Sin embargo, Donald Trump ha elogiado la relación de Estados Unidos con Rodríguez, y las empresas estadounidenses han expresado interés en todo, desde petróleo hasta oro.
El encargado de negocios de la embajada estadounidense, John Barrett, también avaló la gestión del desastre por parte de Rodríguez, declarando a Univision el lunes que tenía “mucha confianza” en las autoridades locales.

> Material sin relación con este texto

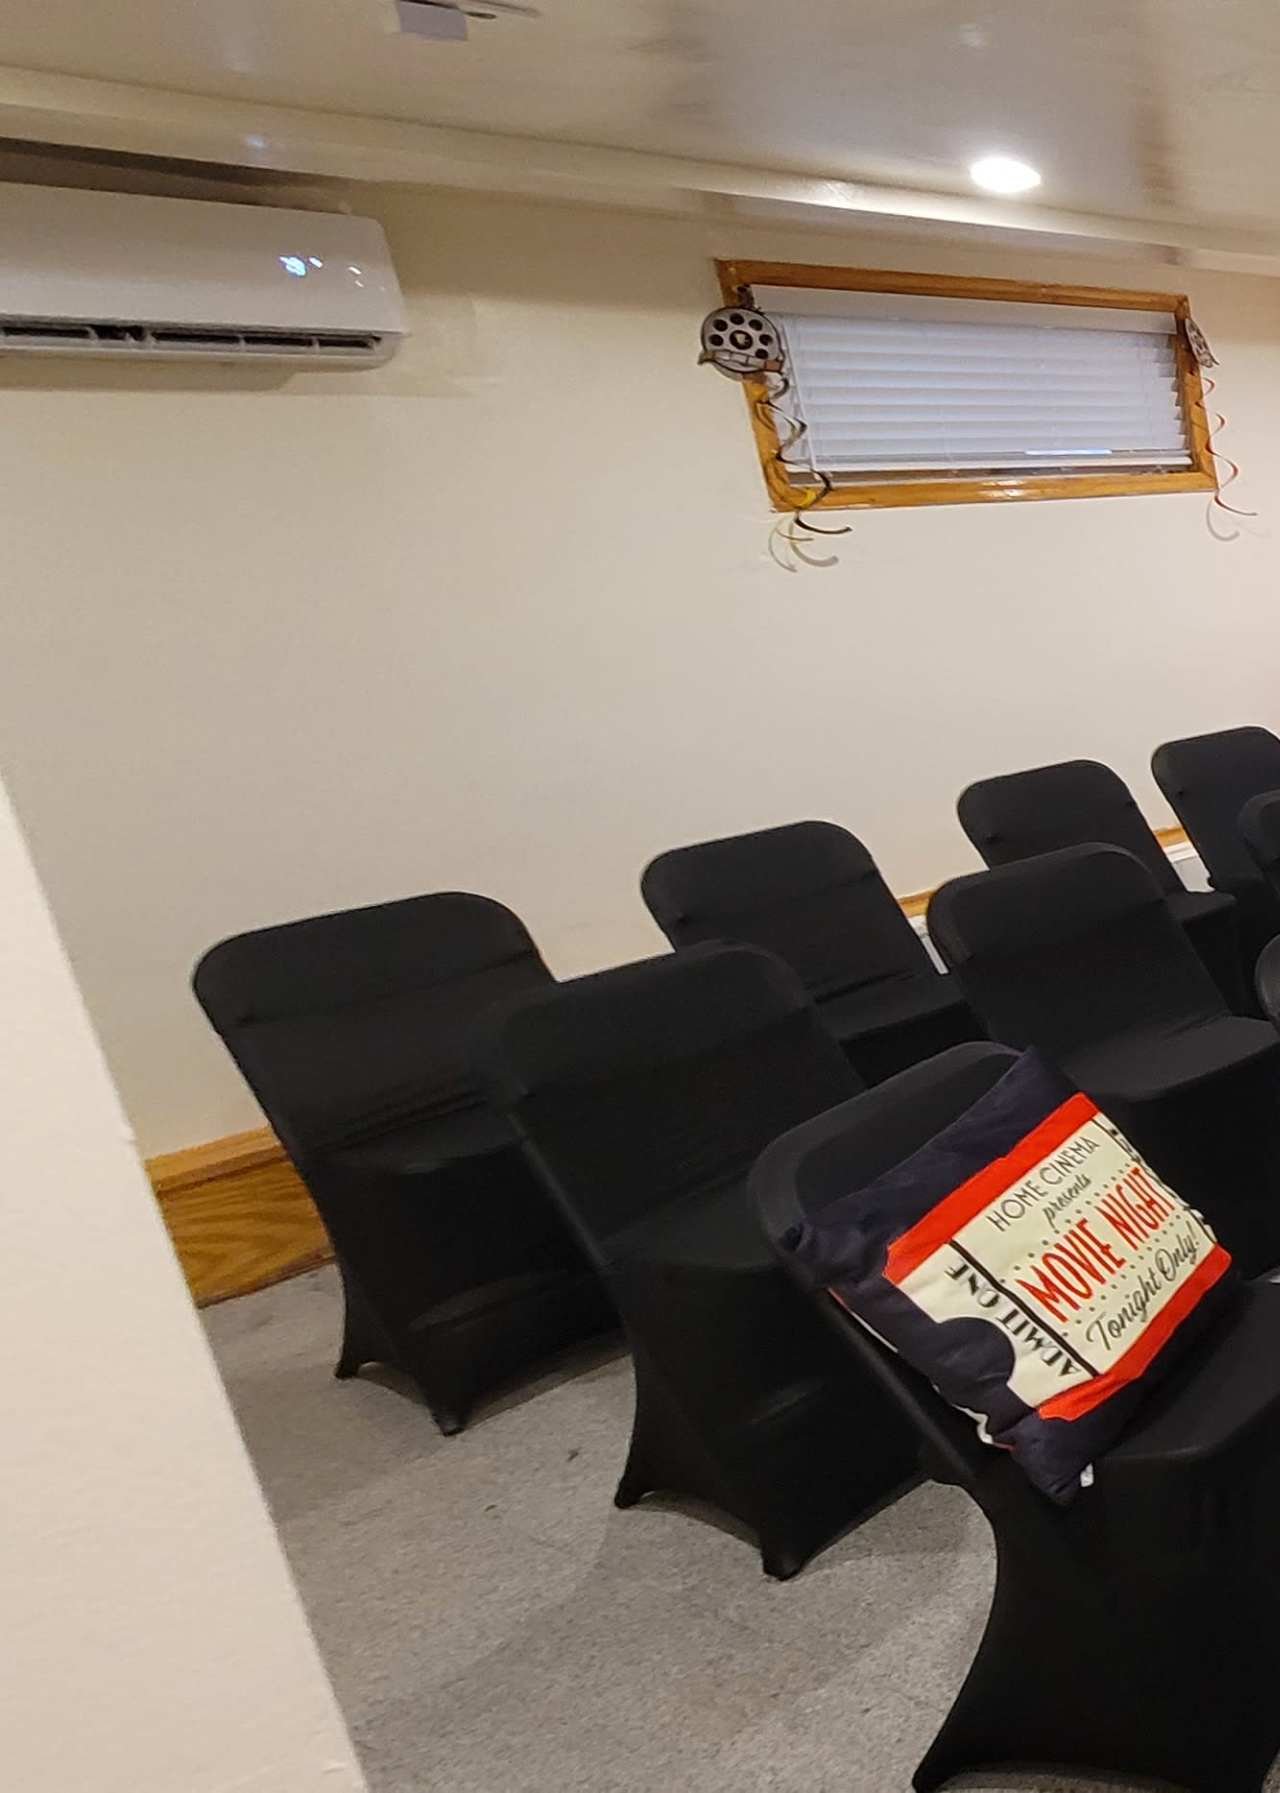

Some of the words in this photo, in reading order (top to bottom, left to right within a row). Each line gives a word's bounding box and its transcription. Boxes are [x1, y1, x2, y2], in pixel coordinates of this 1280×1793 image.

[988, 1178, 1043, 1233] HOME
[1039, 1135, 1101, 1190] CINEMA
[1043, 1172, 1093, 1231] presents
[944, 1262, 1000, 1308] ONE
[1016, 1217, 1127, 1323] MOVIE
[1094, 1166, 1176, 1252] NIGHT
[1086, 1272, 1163, 1352] Tonight
[1155, 1224, 1203, 1282] Only!
[995, 1308, 1082, 1377] ADMIT
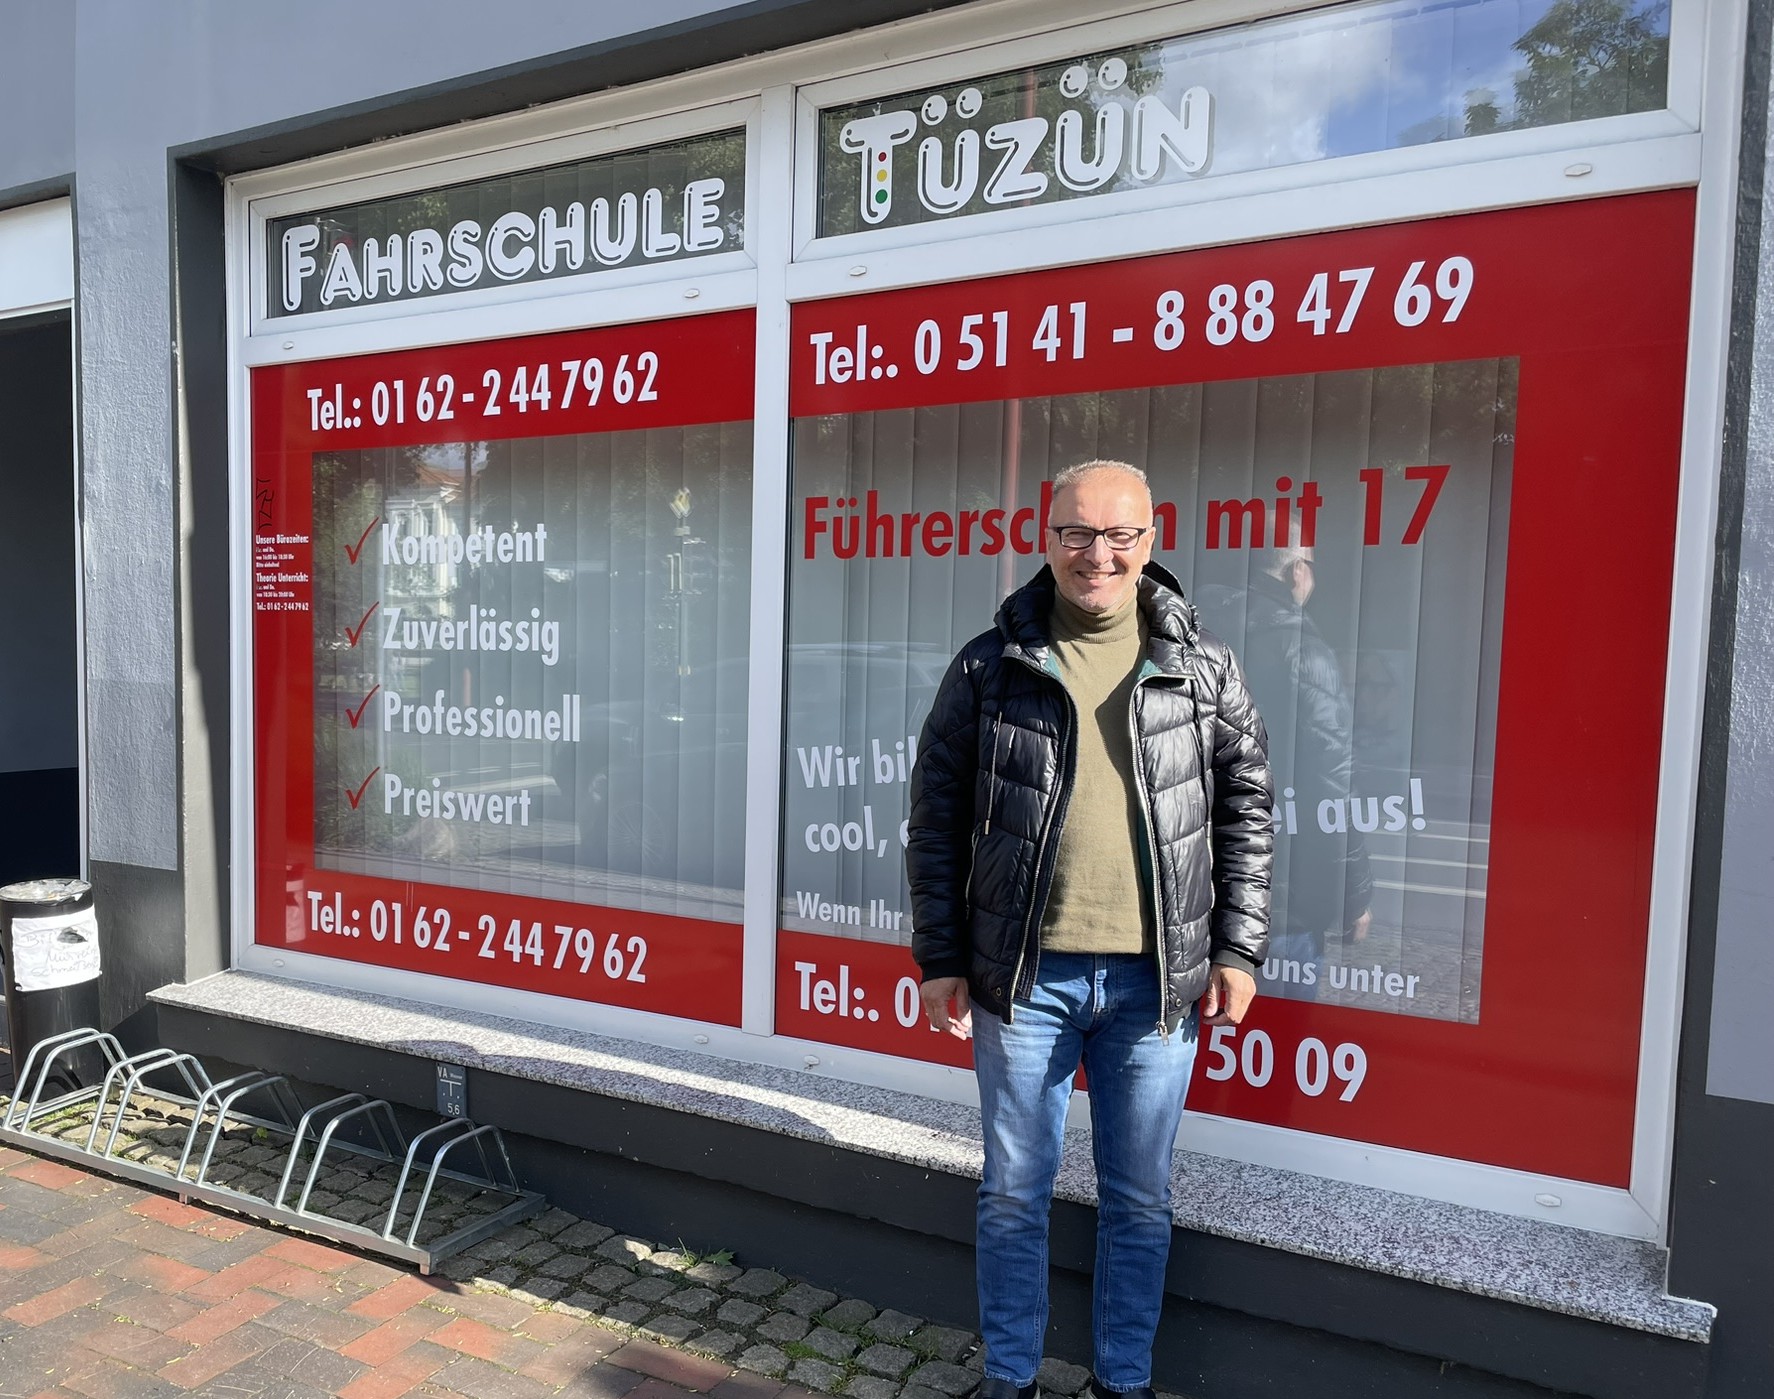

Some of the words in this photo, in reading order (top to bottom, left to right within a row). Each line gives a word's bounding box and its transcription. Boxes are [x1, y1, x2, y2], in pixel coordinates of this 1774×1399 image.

[839, 57, 1212, 224] TÜZÜN
[282, 177, 725, 312] FAHRSCHULE
[914, 319, 941, 375] 0
[956, 311, 1009, 371] 51
[1032, 301, 1087, 363] 41
[1153, 290, 1186, 351] 8
[1205, 279, 1275, 347] 88
[1296, 266, 1375, 336] 47
[1393, 255, 1474, 327] 69
[307, 383, 361, 431] Tel.:
[803, 480, 1177, 560] Führerscn
[1205, 476, 1323, 550] mit
[1359, 464, 1451, 546] 17
[256, 535, 275, 544] Unsere
[382, 523, 547, 567] Kompetent
[256, 572, 276, 582] Theorie
[277, 571, 309, 582] Unterricht:
[382, 604, 560, 666] Zuverlässig
[384, 689, 580, 742] Professionell
[797, 745, 860, 789] Wir
[871, 735, 918, 784] bil
[384, 773, 531, 826] Preiswert
[1317, 778, 1427, 834] aus!
[804, 805, 888, 858] cool,
[307, 890, 360, 939] Tel.:
[796, 890, 860, 926] Wenn
[869, 899, 903, 931] Ihr
[1262, 957, 1317, 985] uns
[1329, 964, 1420, 999] unter
[437, 1066, 448, 1079] VA
[1205, 1025, 1274, 1088] 50
[1295, 1037, 1368, 1103] 09
[447, 1102, 460, 1116] 5,6

Los temblores de magnitud 7,2 y 7,5, uno de los peores desastres sísmicos de la historia de América Latina, provocaron el derrumbe de complejos residenciales enteros el 24 de junio.
Los análisis preliminares de datos satelitales sugieren que más de 58.000 edificios podrían haber resultado dañados o destruidos por el terremoto, una cifra muy superior a las estimaciones oficiales de la devastación. El lunes, Jorge Rodríguez, presidente de la Asamblea Nacional, informó que 855 edificios habían sufrido daños, incluyendo 189 que se derrumbaron por completo.